In terms of languages, the distribution per tasks (including subtasks) is shown in Figure 1. 74 % of the tasks deal at least with Spanish, which is the predominant subject of study in IberLEF. In terms of variants of Spanish, Spain and Mexico are the best represented, with other variants having only anecdotal presence. English is used (never as the main language) in 14 % of the tasks, and this year Basque appears for the first time in IberLEF being present in 9 % of the tasks (all belonging to VaxxStance). Finally, there is also one task dealing with Portuguese. The trend in the number of languages is positive: there were two in IberLEF 2019 (Spanish and Portuguese), only one in 2020 (Spanish) and four languages in 2021.
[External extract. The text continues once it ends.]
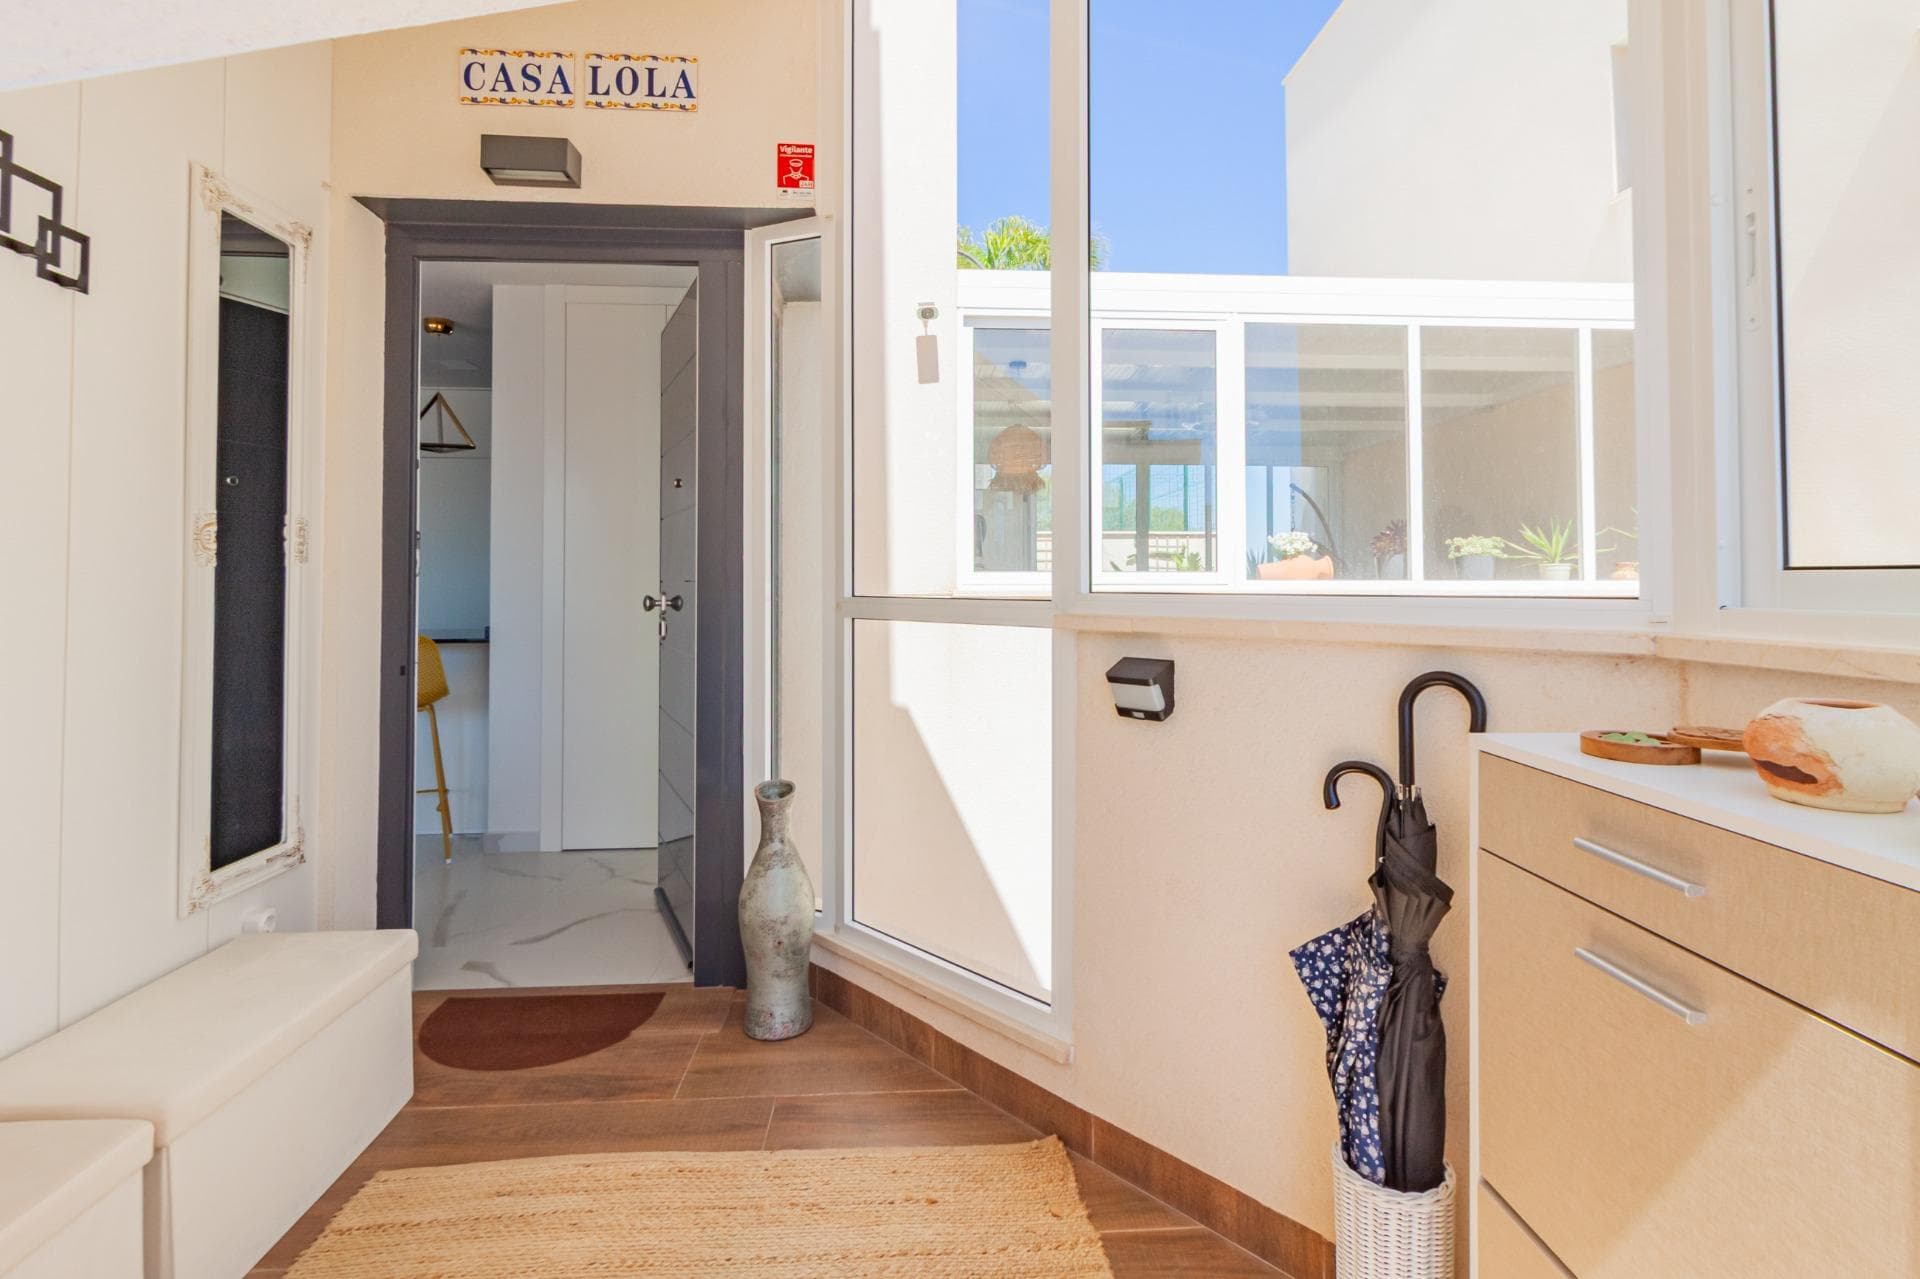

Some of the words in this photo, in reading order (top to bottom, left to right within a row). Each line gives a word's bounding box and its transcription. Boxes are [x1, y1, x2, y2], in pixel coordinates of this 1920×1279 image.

[463, 61, 573, 95] CASA
[588, 65, 696, 98] LOLA
[779, 145, 813, 155] Vigilante
In terms of abstract task types, the distribution of tasks can be seen in Figure 2. Out of a total of 29 tasks (each subtask is counted as a task here), 7 (24 %) are binary classification tasks, which is the most popular choice. Multiclass classification problems are also well represented with 6 tasks. There are also four tasks where classes are ordinals (e.g. 0,1,2,3) that can be interpreted either as a regression or a multiclass classification problem (regression / multiclass classification in the figure). Another variant of classification problems is ordinal classification, where classes have a relative ordering (e.g. in favour, neutral or against in stance classification): 3 tasks match this abstract task type. Finally, there is also a normalization task which implies matching profession descriptions in text with standard thesauri / ontologies, which can be seen as an extreme classification task (i.e. a classification problem where the number of classes is extremely large).

There are only 3 sequence labelling tasks, which is perhaps less than expected for an evaluation campaigned focused heavily on Natural Language Problems: tasks that identify specific structures or text chunks in text, such as named entities, fall into this category. Two of them are related to the medical domain, and the other one looks for lexical borrowings (imports from other languages).

Finally, there are two genuine regression tasks, where systems must predict a real number, and only one complex task, where the organizers try to measure the joint performance of systems in two subtasks that build together with a common goal: the e-healthKD main task. Overall, IberLEF 2021 tasks address a representative sample of abstract task types, covering a wide range of problems. Probably, to get nearer industry needs, in the future we should investigate more how to evaluate complex, end user tasks. IberLEF is also missing tasks that involve text generation, such as text summarization or machine translation problems; and tasks that involve interaction with the users, such as dialogue systems. Finally, we would like to see more application domains in the list of tasks.

In terms of evaluation metrics, the distribution can be seen in Figure 3. As in previous years, there is a remarkable predominance of F1 (20 tasks used it as the main evaluation metric to rank systems), which is used for all types of classification tasks (even if it does not perfectly match the problem at hand, as in ordinal classification problems) and for sequence labelling problems. Accuracy is used in a couple of classification tasks, and Bacc (Balanced Accuracy) in another. Finally, CEM (Closeness Evaluation Metric), a metric specially useful for ordinal classification tasks and introduced recently [2] is used for one of the classification/regression tasks. Tasks interpreted as regression problems are evaluated with MSE (Mean Squared Error), RMSE (Root Mean Squared Error) and MAE (Mean Absolute Error), with none of these metrics particularly favoured.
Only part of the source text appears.